Neste texto, explicaremos mais sobre como a Constituição define o que são provas obtidas por meios ilícitos e por que isso é tão importante, bem como um pouco da história dessa garantia fundamental de todo cidadão e como ela vem sendo aplicada. Esse é mais um conteúdo do projeto Artigo Quinto, uma parceria do Instituto Mattos Filho com a Civicus e a Politize!, que tem como objetivo descomplicar direitos fundamentais previstos na Constituição.
O QUE É O INCISO LVI E O QUE SÃO PROVAS ILÍCITAS?
O inciso LVI do artigo 5º da Constituição Federal de 1988 define que:
são inadmissíveis, no processo, as provas obtidas por meios ilícitos
O inciso LVI do artigo 5º da Constituição define que provas ilícitas são inadmissíveis em processos. As provas são os instrumentos que as partes envolvidas (como autor da ação e réu) usam para explicar os acontecimentos e convencer o(s) juiz(es). Aquelas que não podem ser consideradas em processos judiciais classificam-se em duas categorias:
- provas ilegais; ou
- provas que, mesmo que não infrinjam a legislação por si só, tenham sido obtidas sem que fossem respeitados os procedimentos definidos pela lei.
Ao não admitir provas ilícitas em um processo, impedindo seu uso contra uma pessoa, estamos protegendo os direitos e as garantias dos indivíduos definidos pela Constituição. Reconhecemos que o Estado, seus agentes ou outros particulares não podem violar a legislação a pretexto de cumpri-la. Não faz sentido violar a lei para “cumprir a lei”.

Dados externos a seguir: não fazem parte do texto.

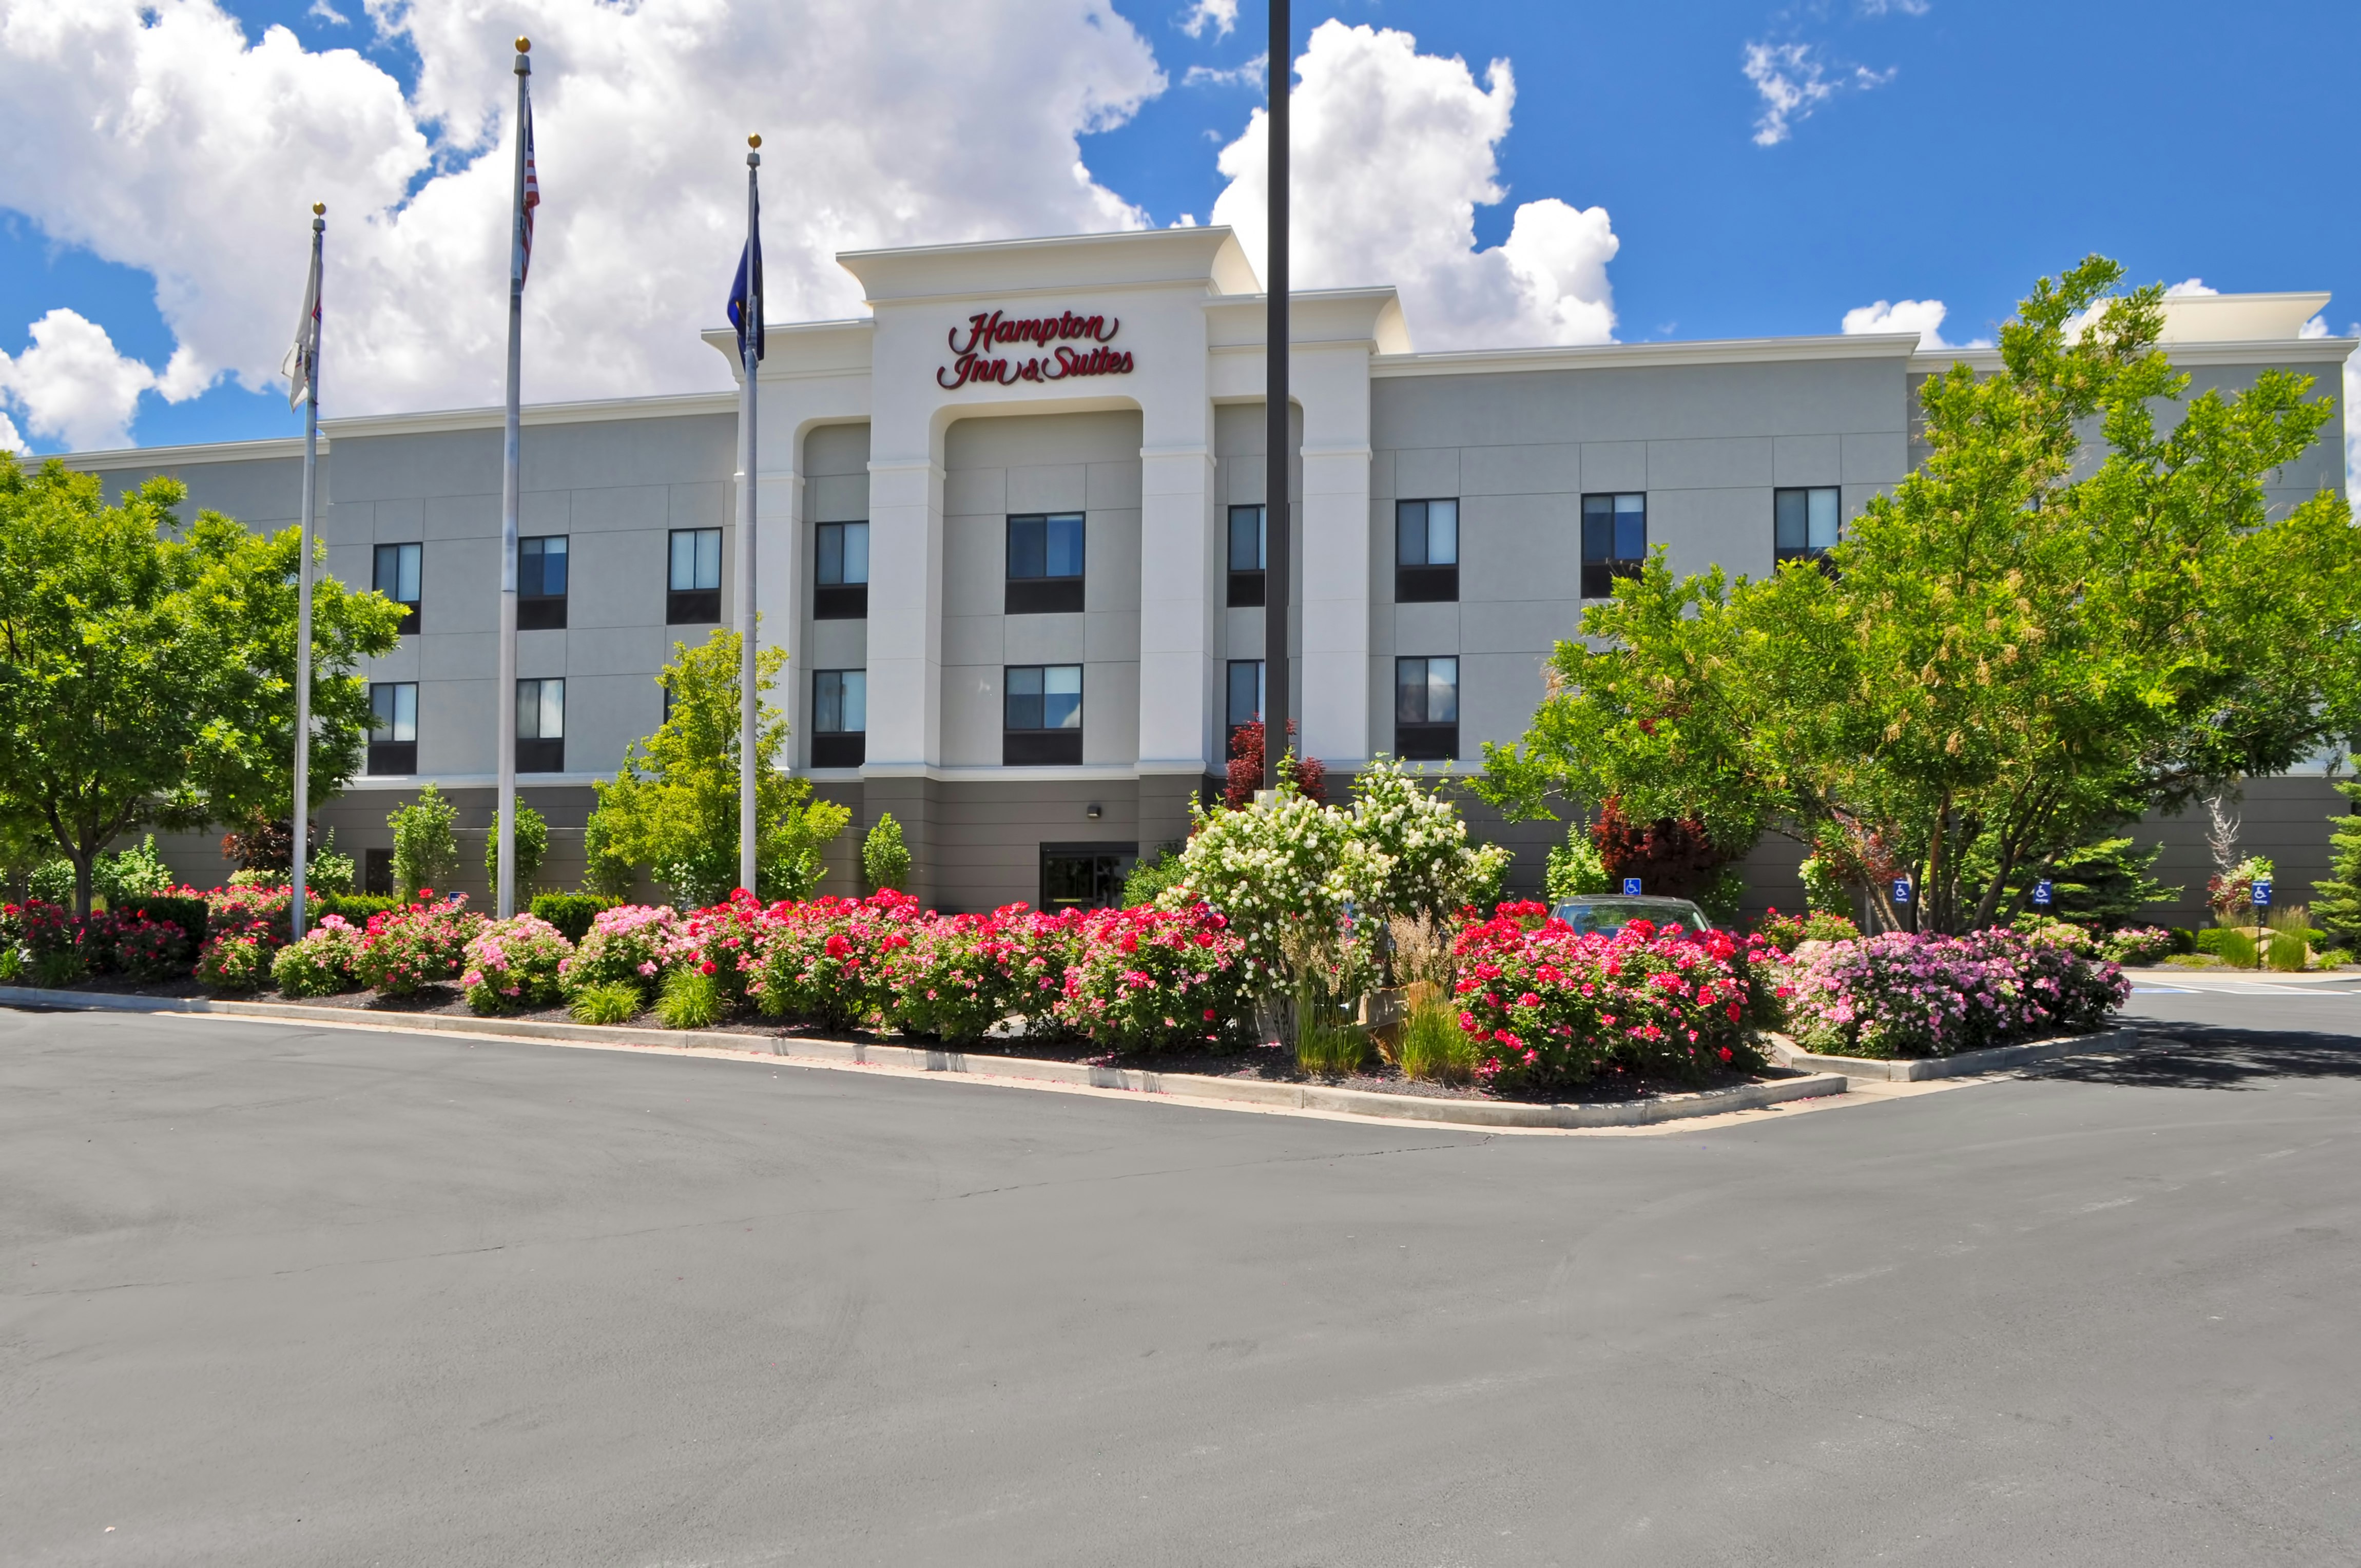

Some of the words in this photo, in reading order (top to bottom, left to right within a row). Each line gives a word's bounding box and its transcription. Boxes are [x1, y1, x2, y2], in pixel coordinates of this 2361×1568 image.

[948, 309, 1119, 354] Hampton
[936, 353, 1022, 390] Inn
[1021, 358, 1045, 383] &
[1041, 345, 1134, 379] Suites

Com isso, os direitos individuais se sobrepõem à busca por informações e à resolução de conflitos judiciais a qualquer custo. Afinal, o Estado existe para organizar a vida em sociedade e para afirmar e proteger os direitos fundamentais dos cidadãos.
Alguns exemplos de provas de natureza ilegal ou obtidas por meios ilícitos são:
- confissões obtidas sob tortura (ver post sobre o inciso III);
- objetos coletados por meio da violação de domicílio, sem autorização judicial (ver post sobre o inciso XI);
- áudios gravados em interceptações telefônicas não autorizadas judicialmente ou autorizadas por decisão judicial sem fundamentação suficiente (ver post sobre o inciso XII).
Por isso, imagens, áudios, documentos e todo tipo de informações obtidas a partir desses meios ilegais e que configurariam provas ilícitas não podem fazer parte do processo.
Se, ainda assim, essas provas forem submetidas à avaliação do(s) julgador(es), elas não poderão ser consideradas na formulação da decisão. Além disso, elas deverão ser removidas do processo para evitar a “contaminação” do convencimento do(s) julgador(es).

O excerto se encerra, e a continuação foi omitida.